Stored data entries
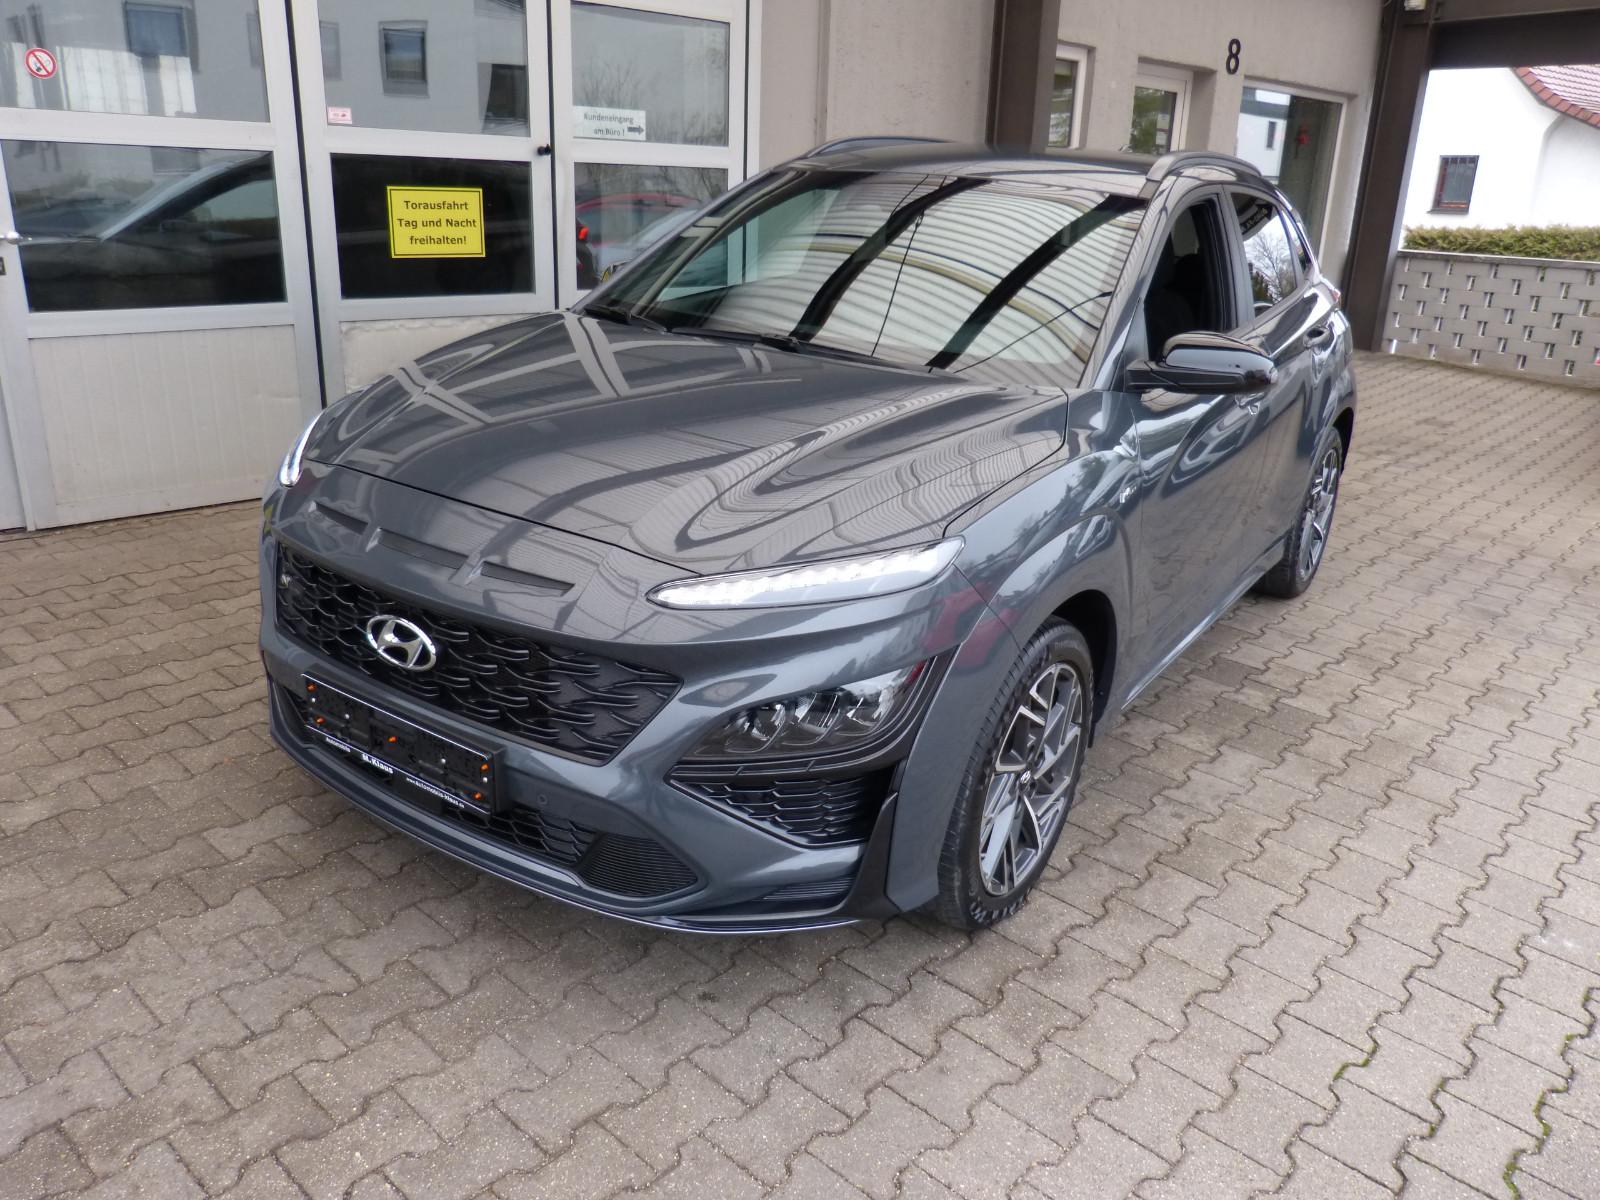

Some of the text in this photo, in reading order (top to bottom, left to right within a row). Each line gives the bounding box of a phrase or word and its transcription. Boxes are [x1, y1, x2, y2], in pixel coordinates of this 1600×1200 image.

[1226, 38, 1241, 75] 8
[594, 128, 604, 136] am
[403, 200, 469, 211] Torausfahrt
[397, 218, 477, 230] Tag und Nacht
[409, 235, 467, 245] freihalten!

▶ _WORK TO COMPLETE_
Return the entries above exactly as they appear. Pictures should not be copied.

▶ _WRITTEN RESPONSE_
Some of the text in this photo, in reading order (top to bottom, left to right within a row). Each line gives the bounding box of a phrase or word and its transcription. Boxes are [x1, y1, x2, y2], in pixel coordinates of this 1600×1200 image.

[1226, 38, 1241, 75] 8
[594, 128, 604, 136] am
[403, 200, 469, 211] Torausfahrt
[397, 218, 477, 230] Tag und Nacht
[409, 235, 467, 245] freihalten!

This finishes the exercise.